Still, it doesn’t change my opinion that ‘tight control’ increases the risk of a hypo and therefore the risk of a hypo induced accident. Take Shannon’s advice.

Be careful out there.


What an absurd statement.

Studies have found that people who swim are more likely to drown:)

Let’s keep circulating shoddy research so more people can see it on the web & believe it’s true.

Hey now! It was on the internet, it’s gotta be true!!


Must be! I did a search it came up numerous sites, including on TuD:)

My sister-in-law’s cousin’s friend’s neighbor knows someone who knows the guy who did the study–wink back.

I think your sister-in-law’s cousin’s friend’s neighbor must be my best friend’s husband’s aunt’s ex-boyfriend :wink:

Its not the same thing as, “people who swim are more likely to drown.” That would be the same as saying, “People who drive are more likely to be in car accidents.”

The mean A1C was lower for those in a crash than those who were not. Therefore, the lower HbA1c levels were associated with an increased risk of a motor vehicle crash. Doesn’t matter is this is 0.2 or 8.0 there is a statistical association. The most significant point from the study is that the risk of a crash quadrupled when a driver had a history of severe hypoglycemia that required outside help.

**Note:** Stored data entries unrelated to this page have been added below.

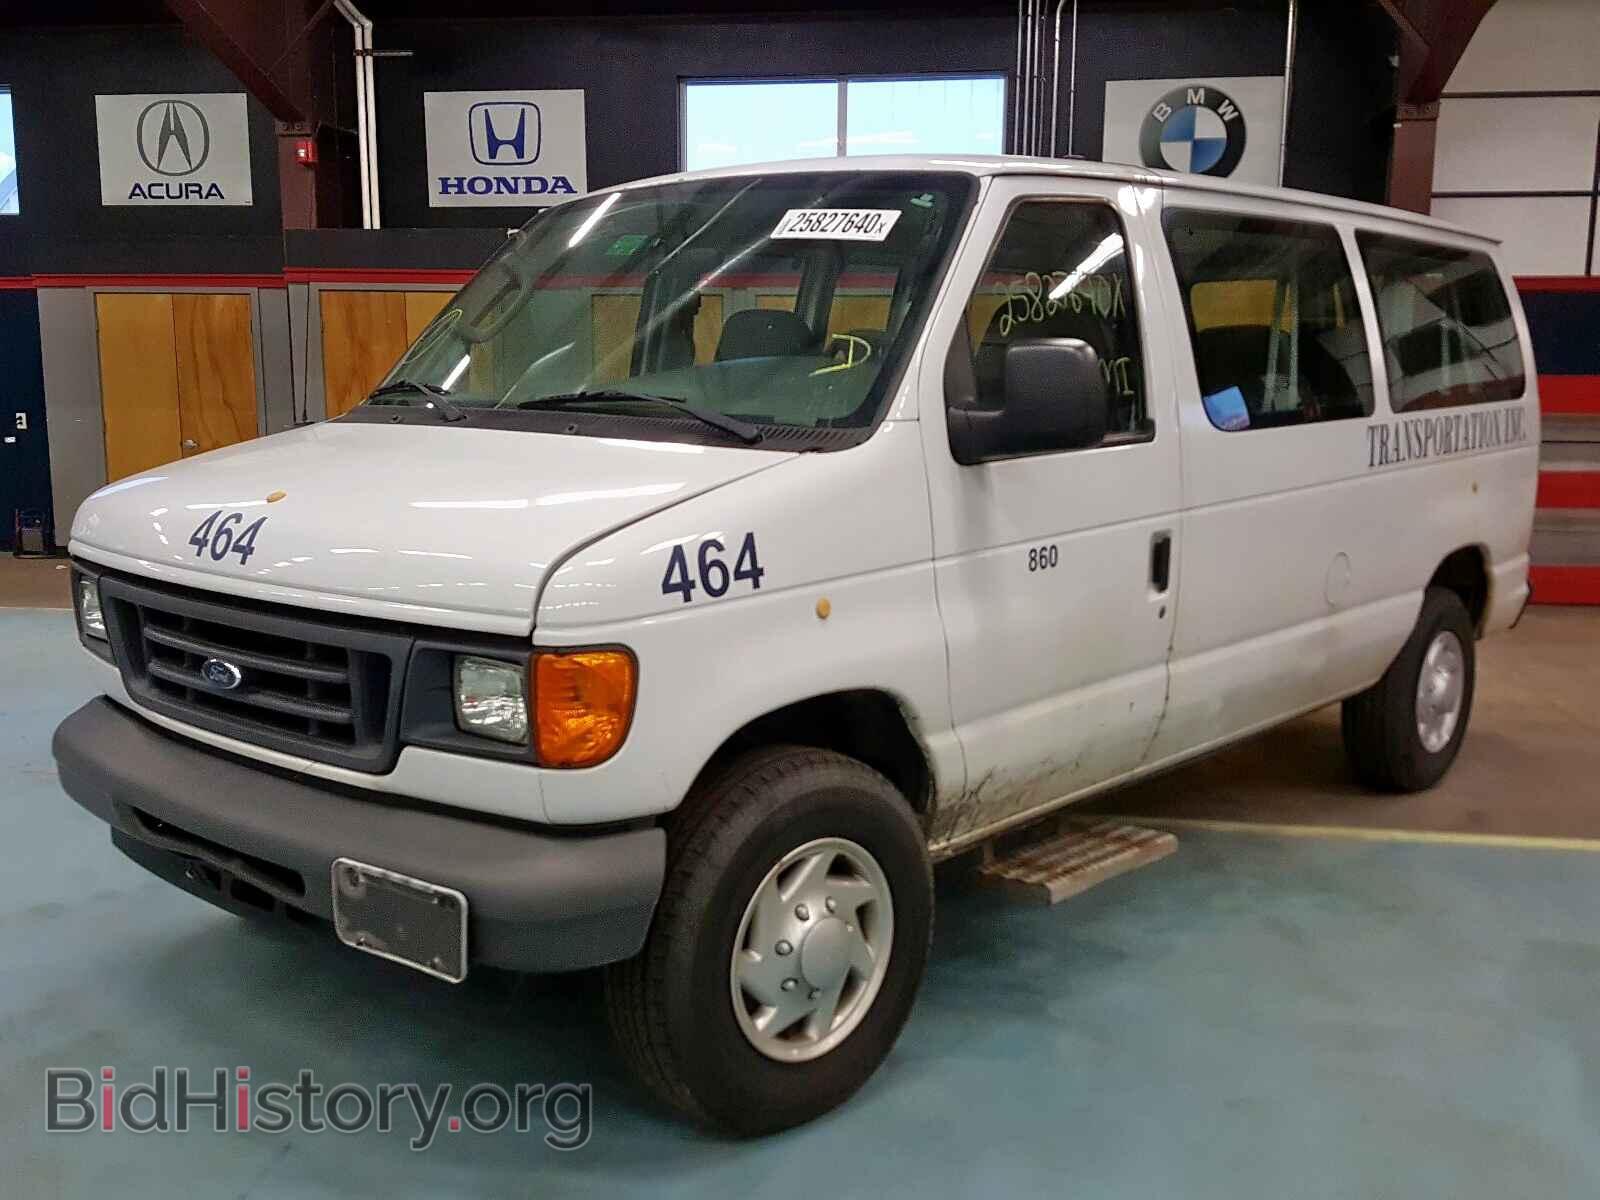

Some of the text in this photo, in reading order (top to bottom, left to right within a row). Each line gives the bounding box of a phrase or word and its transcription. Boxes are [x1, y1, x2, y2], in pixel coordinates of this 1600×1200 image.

[1152, 87, 1239, 122] BMW
[128, 182, 225, 200] ACURA
[438, 176, 578, 195] HONDA
[1367, 409, 1501, 467] TRANSPORTATION
[188, 510, 268, 565] 464
[662, 531, 764, 603] 464
[1029, 545, 1058, 572] 860

And before everyone gets any more upset with the researchers (which is completely absurd), the lead author of the study stated, “The basic implication of our study is to underscore the difficulty in judging fitness-to-drive in adults with severe diabetes mellitus. This pitfall calls into question traffic laws that prevail in the United States, United Kingdom, Canada, Germany, Holland, Australia, and other countries.”

So, the authors of the study are saying that its difficult to determine fitness based on BG control! They’re agreeing with us! So, everyone take a deep breathe, and relax.

And here’s a link to the actual study if you’d like to confirm what I’ve stated here:

This research is neither shoddy, nor absurd, and in fact is a benefit to diabetics. Please see my reply below…

Thank you Tim.

Would have to agree w/ Scott that “tight control” would mean avoiding both highs and lows. Anna K is a great example.

Might need a clearer definition of “tight.” BTW…I’m T-1 with a consistent sub-7 A1c & have crashed my car while hypo.

This about sums it up!!

Wait wait wait.

The study finds that there is a statistical relation between lower HbA1C and accidents yet also concludes that “the data suggest that a patient’s HbA1c level is neither necessary nor sufficient for determining fitness-to-drive.”

So, the lead-in to the story and/or it’s headline is misleading. There is a statistical correlation but the two facts, lower HbA1c and car crashes have nothing to do with one another. Am I reading this right?


Ahh shucks Phil - thanks for the high 5! I do try my best to maintain a pretty even BG, tho’ after tonights dessert - may spike up, but I’ve got the combo bolus down pat with my pump most of the time, so I remain pretty consistent with not going up too much or down. That’s the reason I went to a pump, to have better control of BG’s, as I was having hypos too much, but my A1C’s were in the 7% range.

Off to shovel more snow, darn stuff keeps on shaking out of the sky for some reason. I’m getting anxious to get my skis on and hit the slopes (tho’ I x-country - don’t do downhill - I’m too afraid of high speeds - and this coming from a motorcyclist ).